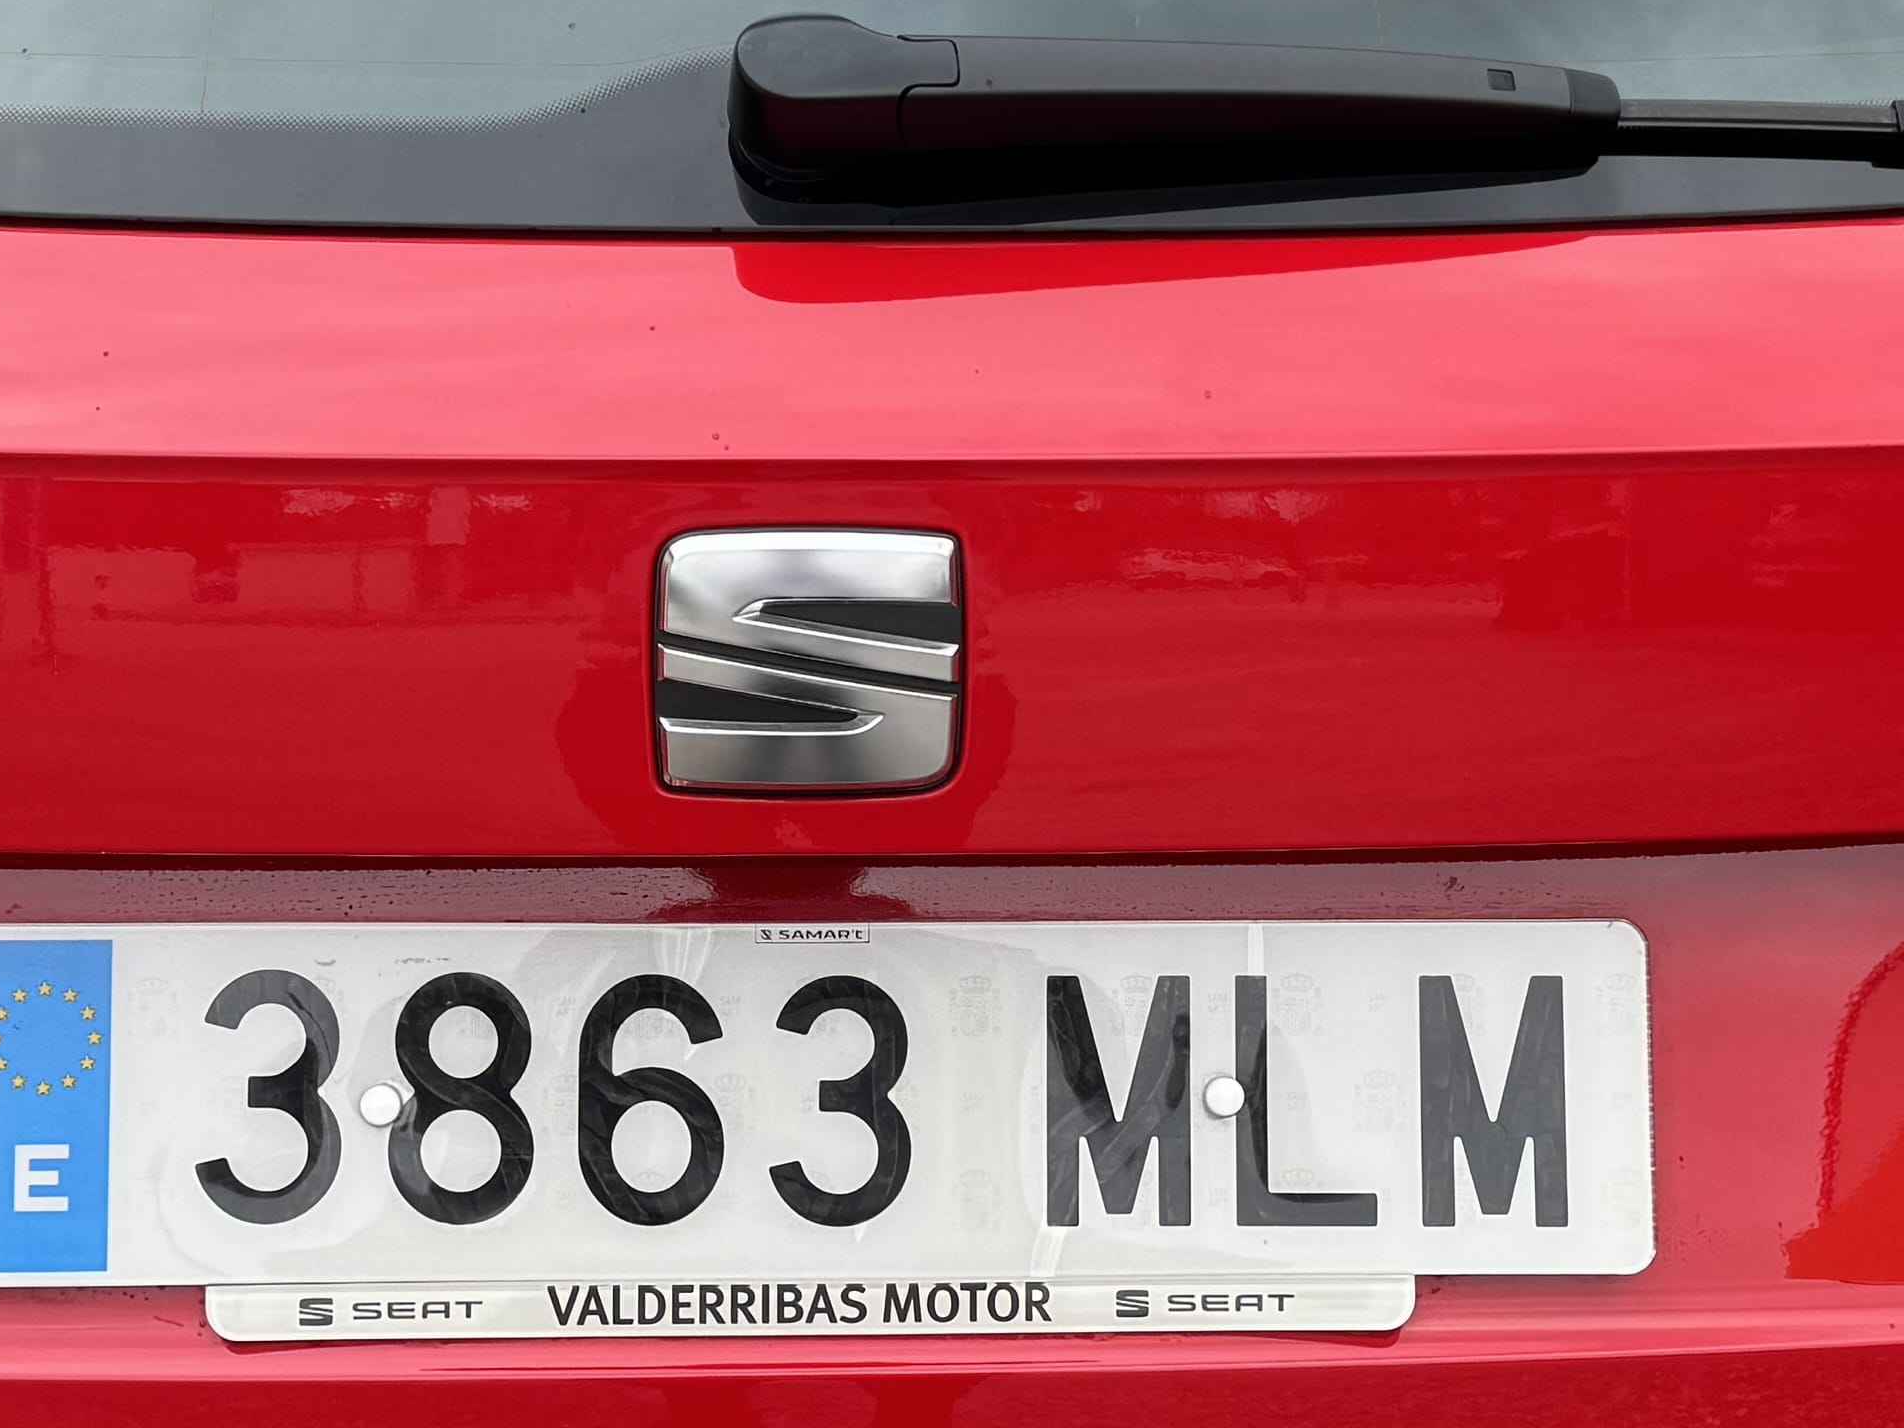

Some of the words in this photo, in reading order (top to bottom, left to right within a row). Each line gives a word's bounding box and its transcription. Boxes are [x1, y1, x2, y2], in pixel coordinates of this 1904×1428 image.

[195, 969, 911, 1227] 3863
[1046, 975, 1569, 1227] MLM
[12, 1143, 71, 1213] E
[352, 1299, 483, 1321] SEAT
[547, 1283, 866, 1328] VALDERRIBAS
[882, 1281, 1053, 1324] MOTOR
[1167, 1292, 1296, 1314] SEAT
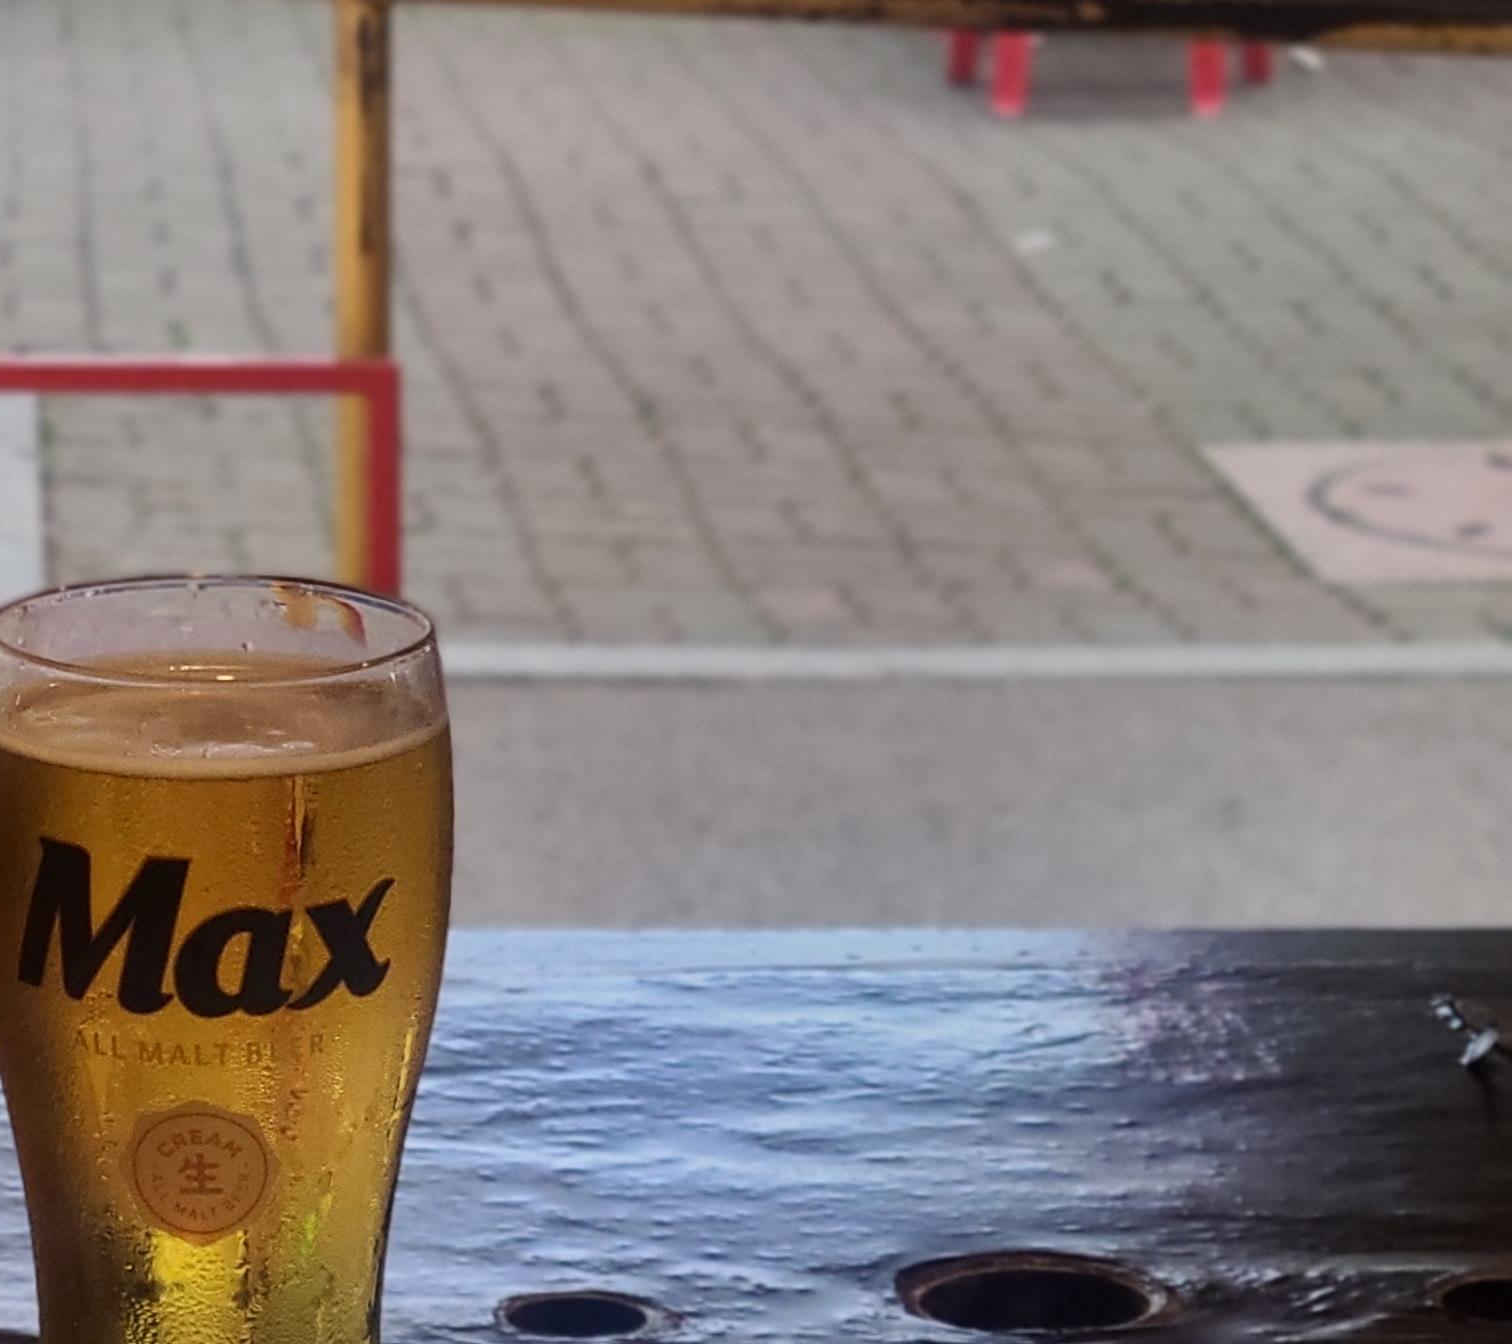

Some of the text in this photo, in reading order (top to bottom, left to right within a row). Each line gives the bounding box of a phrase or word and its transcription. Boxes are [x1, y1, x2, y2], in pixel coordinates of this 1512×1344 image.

[17, 837, 395, 1017] Max
[72, 1031, 324, 1066] ALL MALT BR
[157, 1129, 243, 1159] CREAM
[178, 1152, 223, 1195] 生
◆ ◆ ◆ ◆ ◆
# ABOUT THIS EXERCISE
Above is a listing with pictures. Write it out exactly without them.

# ANSWER TO THE EXERCISE
Some of the words in this photo, in reading order (top to bottom, left to right within a row). Each line gives a word's bounding box and its transcription. Boxes are [x1, y1, x2, y2], in pixel coordinates of this 1904×1428 image.

[195, 969, 911, 1227] 3863
[1046, 975, 1569, 1227] MLM
[12, 1143, 71, 1213] E
[352, 1299, 483, 1321] SEAT
[547, 1283, 866, 1328] VALDERRIBAS
[882, 1281, 1053, 1324] MOTOR
[1167, 1292, 1296, 1314] SEAT

Some of the text in this photo, in reading order (top to bottom, left to right within a row). Each line gives the bounding box of a phrase or word and its transcription. Boxes are [x1, y1, x2, y2], in pixel coordinates of this 1512×1344 image.

[17, 837, 395, 1017] Max
[72, 1031, 324, 1066] ALL MALT BR
[157, 1129, 243, 1159] CREAM
[178, 1152, 223, 1195] 生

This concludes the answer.